In summary, desiccation‐tolerance proteins adsorb water similarly to globular proteins, suggesting that modulated water retention does not explain desiccation protection. In vivo, other molecules may modulate hydration near desiccation‐tolerance proteins, but desiccation‐tolerance proteins themselves do not necessarily bind water differently than other proteins. Investigating what properties are particular to desiccation‐tolerance proteins will reveal their protective mechanism(s), allowing rational design of excipients to make protein products more affordable and accessible.

4. MATERIALS AND METHODS

4.1. Materials

Ampicillin, kanamycin sulfate, and 4‐(2‐hydroxyethyl)‐1‐piperazineethanesulfonic acid (HEPES) (Thermo Fisher) were used without further purification. H₂O with a resistivity >17 MΩ cm⁻¹ was used to prepare buffers. A constant relative humidity of 75 ± 5% as measured by a digital hygrometer (Fisherbrand TraceableGO™ Bluetooth datalogging digital hygrometer) was created by sealing a 0.5‐L chamber containing 200 ml of H₂O saturated with sodium chloride (Thermo Fisher). ⁴⁰

4.2. Protein expression and purification

The pET11a plasmid (Novagen) containing the gene for the T2Q variant of GB1 was provided by Leonard D. Spicer's laboratory at Duke University (Durham, North Carolina). This variant, which we call GB1, was chosen because the mutation prevents N‐terminal deamidation. ⁴¹ The pET28b plasmid containing the gene for CAHS D was engineered as described. ²² The pET28b plasmid containing the gene for PvLEA4 fused to an N‐terminal hexahistadine (His‐) tag and a TEV protease cleavage site was ordered from Gene Universal Inc. Vectors were transformed into Agilent BL21 Gold (DE3) Escherichia coli as described. ²²

A single colony was used to inoculate 100 ml of Luria‐Bertani broth (Fisher, 10 g/l tryptone, 5 g/l yeast extract, 5 g/l NaCl) supplemented with the antibiotic ampicillin (GB1) or kanamycin (CAHS D and PvLEA4) to a final concentration of 60 μg/ml. The culture was shaken at 37°C overnight (New Brunswick Scientific I26 incubator, 225 rpm). Ten milliliters of the overnight culture were used to inoculate 1 l of antibiotic‐supplemented LB. One‐liter cultures were shaken at 37°C until they reached an optical density at 600 nm of 0.6–0.8, at which point protein expression was induced by adding isopropyl β‐d‐1‐thiogalactopyranoside (1 mM final concentration). Three hours after induction, cells were harvested via centrifugation at 4,000g. The cell pellet from each culture was resuspended in 10 ml of 20 mM Tris, pH 7.5, and stored at −20°C.
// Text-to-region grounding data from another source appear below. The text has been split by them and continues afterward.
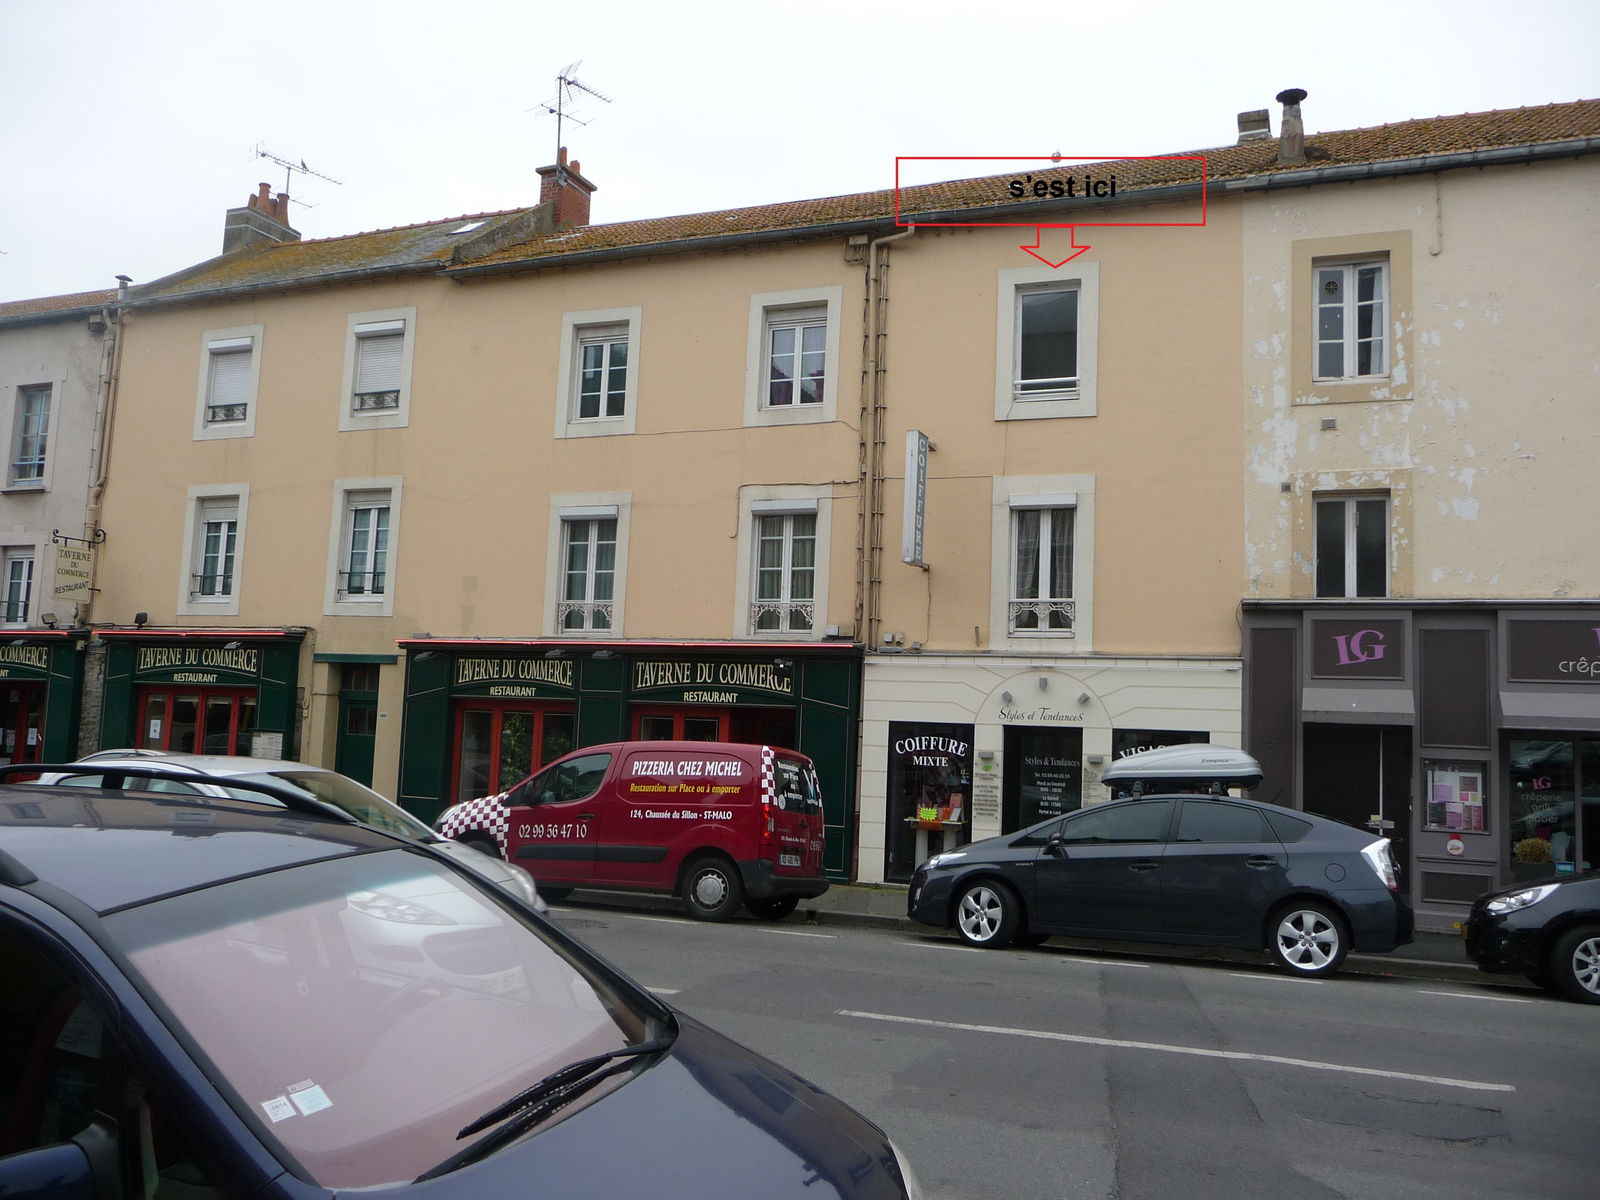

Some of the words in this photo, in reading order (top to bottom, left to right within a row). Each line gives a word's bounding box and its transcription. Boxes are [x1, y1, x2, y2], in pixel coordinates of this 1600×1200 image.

[60, 549, 91, 561] TAVERNE
[57, 567, 90, 578] COMMERCE
[54, 581, 89, 594] RESTAURANT
[139, 647, 182, 669] TAVERNE
[184, 648, 199, 665] DU
[202, 648, 258, 672] COMMERCE
[173, 672, 218, 683] RESTAURANT
[458, 659, 500, 683] TAVERNE
[502, 659, 516, 678] DU
[519, 659, 573, 686] COMMERCE
[636, 662, 691, 688] TAVERNE
[696, 663, 714, 683] DU
[489, 686, 537, 697] RESTAURANT
[683, 691, 739, 703] RESTAURANT
[999, 705, 1025, 722] Styles
[1028, 711, 1036, 720] et
[1039, 707, 1085, 722] Tendances
[895, 736, 968, 757] COIFFURE
[912, 755, 949, 767] MIXTE
[1024, 756, 1043, 768] Styles
[632, 761, 674, 776] PIZZERIA
[677, 761, 702, 776] CHEZ
[705, 761, 742, 777] MICHEL
[630, 783, 667, 793] Restauration
[667, 785, 677, 793] sur
[679, 783, 695, 793] Place
[706, 784, 710, 793] à
[712, 785, 741, 794] emporter
[1521, 793, 1562, 804] crêperie
[630, 809, 644, 820] 124,
[645, 810, 671, 819] Chaussée
[672, 810, 680, 819] du
[681, 810, 698, 819] Sillon
[704, 811, 732, 820] ST-MALO
[518, 824, 531, 838] 02
[532, 824, 545, 838] 99
[546, 824, 559, 838] 56
[560, 824, 573, 838] 47
[575, 824, 587, 838] 10
Cell pellets from GB1 expression were lysed by sonication (500‐W dismembrator 1/8‐in. tip, 15% amplitude [Fisher Scientific]) for 8 min using a 2 s on/1 s off duty cycle, and then GB1 was purified as described. ⁴² CAHS D was purified as described. ²³ PvLEA4 was purified as described. ³³ Purified proteins were exchanged into H₂O by dialysis (ThermoScientific Snakeskin™ dialysis tubing, 3,500 Da molecular weight cutoff), and divided into 2 mg aliquots. Aliquots were flash‐frozen, lyophilized, and stored at −20°C. Purity was confirmed by observation of a single band on sodium dodecylsufate polyacrylamide gel electrophoresis and by quadrupole time‐of‐flight mass spectrometry (ThermoScientific, Q Exactive HF‐X) in the UNC Mass Spectrometry Chemical Research and Teaching Core Laboratory.
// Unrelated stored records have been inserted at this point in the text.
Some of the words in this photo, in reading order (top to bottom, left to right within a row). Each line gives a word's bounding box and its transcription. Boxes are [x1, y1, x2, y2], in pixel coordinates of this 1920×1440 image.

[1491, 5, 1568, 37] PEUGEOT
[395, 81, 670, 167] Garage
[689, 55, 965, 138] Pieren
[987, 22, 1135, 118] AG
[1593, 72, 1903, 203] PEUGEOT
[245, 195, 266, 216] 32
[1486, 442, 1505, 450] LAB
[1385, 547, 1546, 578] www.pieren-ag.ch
4.3. Thermogravimetric analysis

Aliquots of purified, lyophilized protein were resuspended in 650 μl of 1.5 mM HEPES buffer, pH 6.5, flash‐frozen, and lyophilized (LABCONCO FreeZone 1 Liter Benchtop Freeze Dry System) for 24 hr. Samples were then placed, without caps, in a chamber with a controlled relative humidity of 75 ± 5%, created as described above. Individual tubes were removed after 0, 1, 2, 4, 6, 12, 24, 48, and 72 hr, and protein samples were loaded into a TA Instruments model 550 thermogravimetric analyzer on an open Pt pan and heated from 25 to 175°C at a rate of 4°C/min under a N₂(g) sample purge of 60 ml/min and a balance purge of 40 ml/min. The well‐defined mass loss ending around 125°C was used to quantify H₂O content. ⁴³ , ⁴⁴ Thermograms were analyzed using Trios V5.1.0.56403 software.

CONFLICT OF INTEREST

The authors declare no potential conflict of interest.

AUTHOR CONTRIBUTIONS

Julia A. Brom: Conceptualization (lead); data curation (lead); formal analysis (lead); investigation (lead); methodology (lead); validation (lead); visualization (lead); writing—review and editing (lead). Gary J. Pielak: Conceptualization (lead); project administration (lead); writing—review and editing (equal).

Supporting information

Tables S1‐S4 H₂O content and amino acid compositions

Click here for additional data file.^{(94.4KB, pdf)}

ACKNOWLEDGMENTS

This research was supported by NIH grant R01GM127291 to Gary J. Pielak. The authors thank Samantha Stadmiller for GB1 preparation. The authors thank Brandie Ehrmann from the UNC Chemistry Mass Spectrometry Core Laboratory for equipment maintenance and advice, Elizabeth Pielak for comments on the manuscript, and the Pielak Laboratory for helpful discussion.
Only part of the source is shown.